Longest Palindromic Substring
Introduction
Today we're solving one of LeetCode's classic string problems - finding the longest palindromic substring. This is problem #5, and it's an excellent way to understand dynamic programming and center expansion techniques in string algorithms.
The Problem
Given a string s
, return the longest substring that reads the same forwards and backwards (a palindrome).
Example:
'''
Input: "babad"
Output: "bab" or "aba"
Explanation: Both "bab" and "aba" are valid palindromic substrings.
'''
The Optimal Solution
'''typescript
function longestPalindrome(s: string): string {
let start = 0;
let end = 0;
for (let i = 0; i < s.length; i++) {
const [left1, right1] = expandAroundCenter(s, i, i);
const [left2, right2] = expandAroundCenter(s, i, i + 1);
if (right1 - left1 > end - start) {
start = left1;
end = right1;
}
if (right2 - left2 > end - start) {
start = left2;
end = right2;
}
}
return s.substring(start, end + 1);
}
function expandAroundCenter(s: string, left: number, right: number): [number, number] {
while (left >= 0 && right < s.length && s[left] === s[right]) {
left--;
right++;
}
return [left + 1, right - 1];
}
'''
This solution is:
✅ Efficient - O(n²) time complexity (optimal for this problem)
✅ Space-optimized - O(1) additional space
✅ Clean - Uses simple center expansion logic
✅ Handles both odd and even length palindromes
How It Works
Center Expansion Technique: Checks each character (and between characters) as potential palindrome centers
Dual Expansion: Expands for both odd-length (single center) and even-length (dual center) palindromes
Bounds Tracking: Maintains the start/end indices of the longest palindrome found
Length Comparison: Continuously updates when longer palindromes are found
Alternative Approaches
Dynamic Programming Approach:
'''typescript
function longestPalindrome(s: string): string {
const n = s.length;
const dp: boolean[][] = Array(n).fill(false).map(() => Array(n).fill(false));
let result = '';
for (let i = n - 1; i >= 0; i--) {
for (let j = i; j < n; j++) {
dp[i][j] = s[i] === s[j] && (j - i < 3 || dp[i + 1][j - 1]);
if (dp[i][j] && j - i + 1 > result.length) {
result = s.substring(i, j + 1);
}
}
}
return result;
}
'''
Pros:
- Systematic approach using DP table
- Easier to understand the recurrence relation
Cons:
- O(n²) space complexity
- More complex implementation
- Slower due to table initialization
Brute Force Approach:
'''typescript
function longestPalindrome(s: string): string {
let longest = '';
for (let i = 0; i < s.length; i++) {
for (let j = i; j < s.length; j++) {
const substr = s.substring(i, j + 1);
if (isPalindrome(substr) && substr.length > longest.length) {
longest = substr;
}
}
}
return longest;
}
function isPalindrome(s: string): boolean {
return s === s.split('').reverse().join('');
}
'''
Pros:
- Simple to understand
- No advanced concepts needed
Cons:
- O(n³) time complexity
- Extremely inefficient for longer strings
Edge Cases to Consider
- Empty string
- Single character string ("a")
- All characters same ("aaaaa")
- No palindromes longer than 1 character ("abcde")

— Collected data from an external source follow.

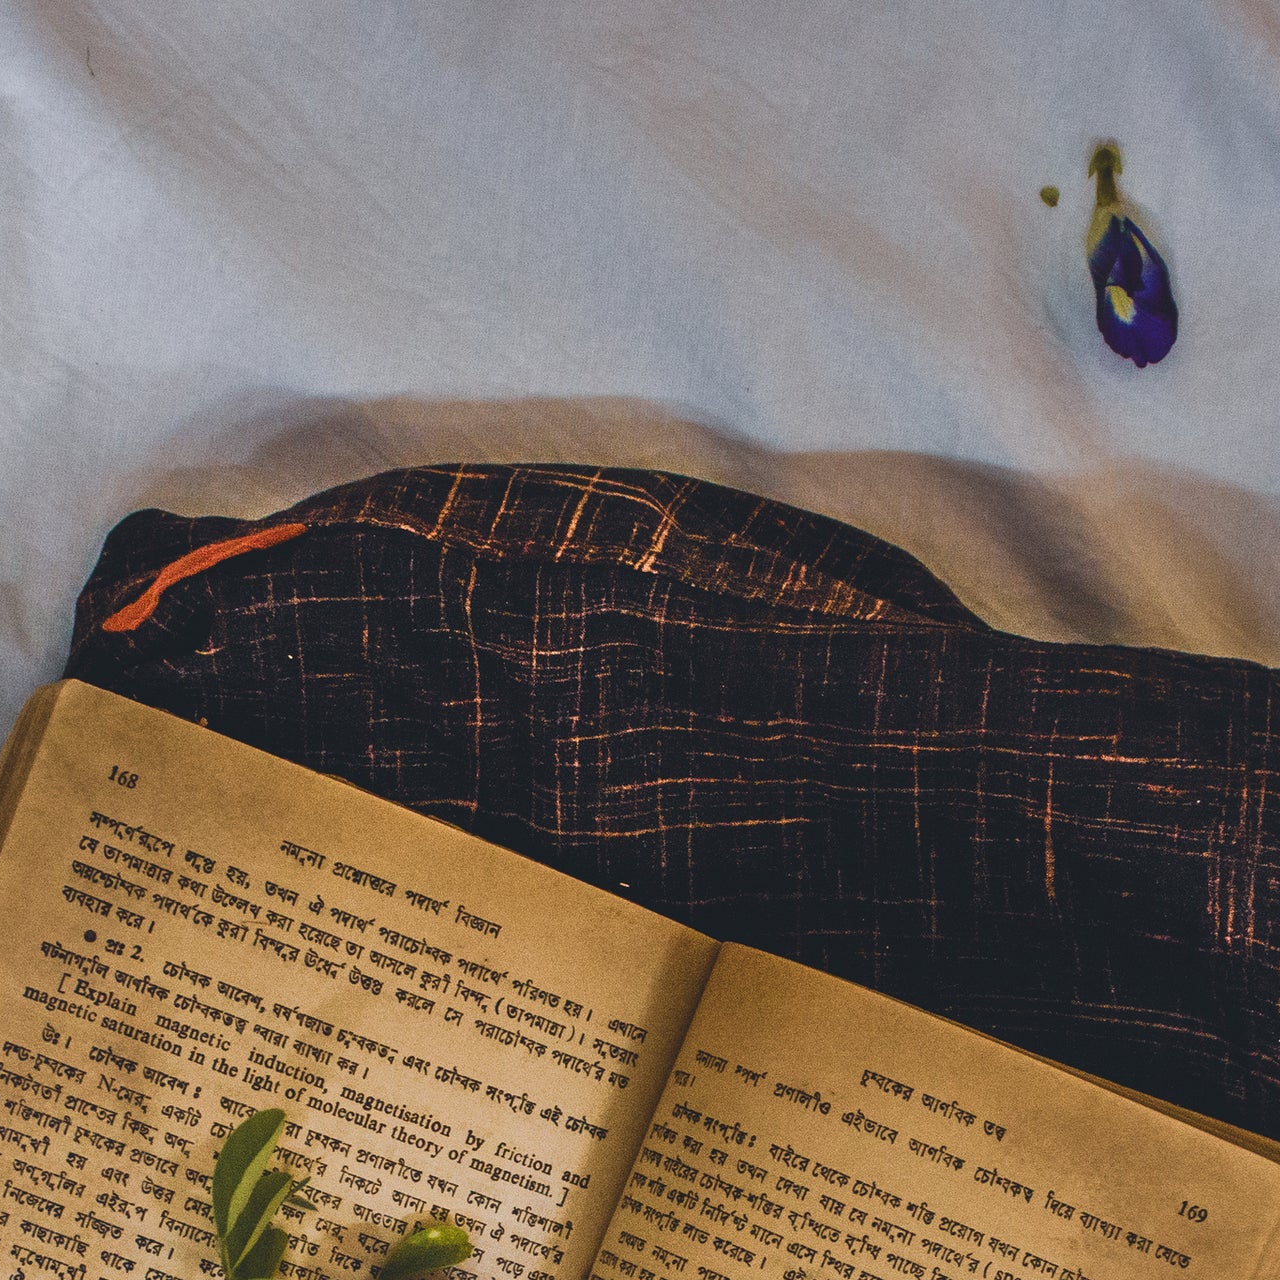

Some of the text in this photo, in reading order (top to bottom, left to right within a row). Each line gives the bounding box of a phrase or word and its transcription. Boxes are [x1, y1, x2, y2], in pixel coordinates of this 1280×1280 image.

[106, 763, 140, 790] 168
[21, 985, 553, 1198] magnetic saturation in the light of molecular theory of magnetism.
[72, 977, 591, 1190] Explain magnetic induction, magnetisation by friction and
[1176, 1199, 1209, 1224] 169
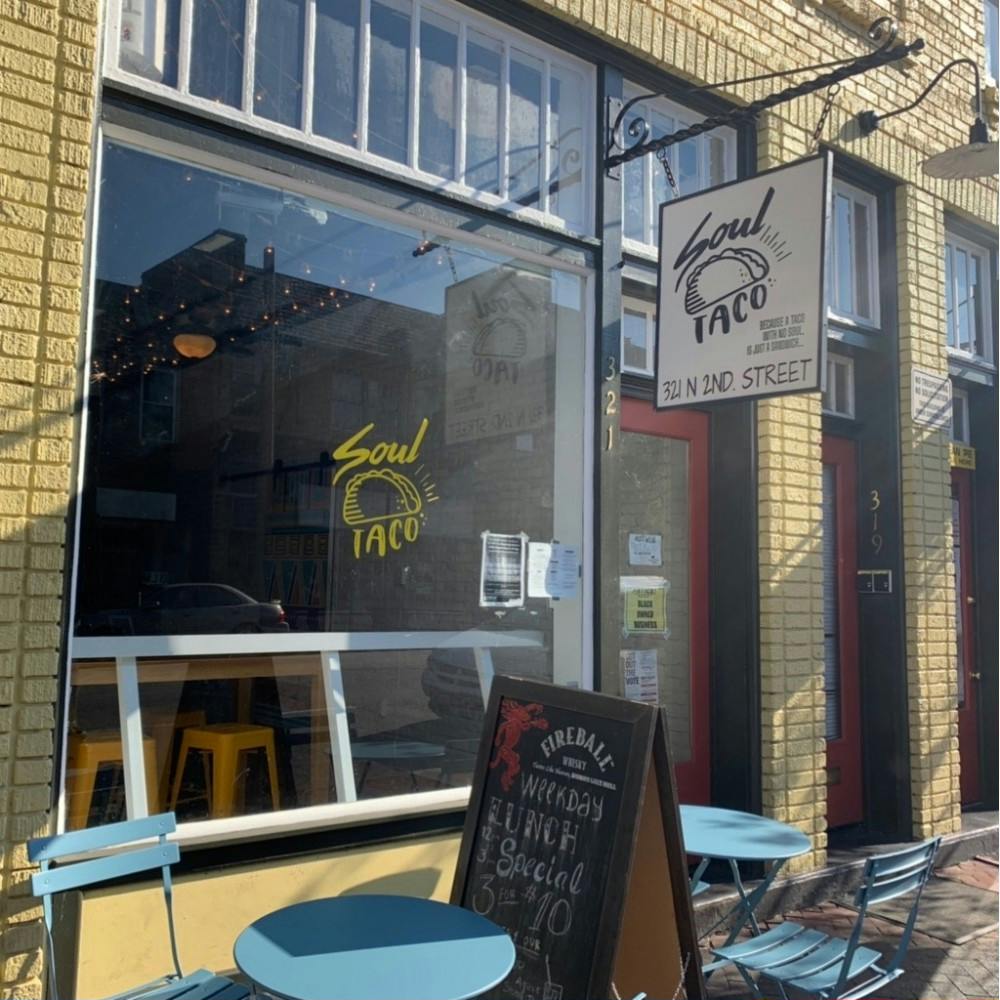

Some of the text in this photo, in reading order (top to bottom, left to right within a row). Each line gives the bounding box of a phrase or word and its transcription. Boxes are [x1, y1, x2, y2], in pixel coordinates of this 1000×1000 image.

[673, 187, 775, 293] Soul
[693, 284, 767, 344] TACO
[662, 380, 681, 401] 321
[687, 376, 697, 399] N
[742, 358, 812, 390] STREET
[332, 417, 429, 487] Soul
[353, 517, 419, 559] TACO
[487, 797, 580, 857] LUNCH
[496, 838, 584, 895] Special

- Even-length palindromes ("abba")
- Mixed case with special characters
Performance Considerations
The optimal solution:
- Processes each character as a potential center
- Expands outward in O(n) time per center
- Total O(n²) time complexity (optimal for this problem)
- Uses constant space (just stores indices)
Common Mistakes to Avoid
- Forgetting to check both odd and even length palindromes
- Incorrect bounds when expanding from center
- Not updating the longest palindrome properly
- Off-by-one errors in substring extraction
- Not handling edge cases like empty strings
Real-world Applications
This algorithm has practical uses in:
- DNA sequence analysis (palindromic sequences)
- Cryptography (pattern matching)
- Data compression (finding repeated patterns)
- Text processing (finding mirrored structures)
- Plagiarism detection (finding similar structures)
Conclusion
The center expansion approach provides the best combination of:
🔥 Optimal O(n²) time complexity
🔥 Minimal O(1) space usage
🔥 Clean implementation
🔥 Robust handling of all edge cases
Understanding this center expansion technique will help with many other string manipulation problems. It's a fundamental pattern that demonstrates how we can often find efficient solutions by looking for natural symmetries in problems!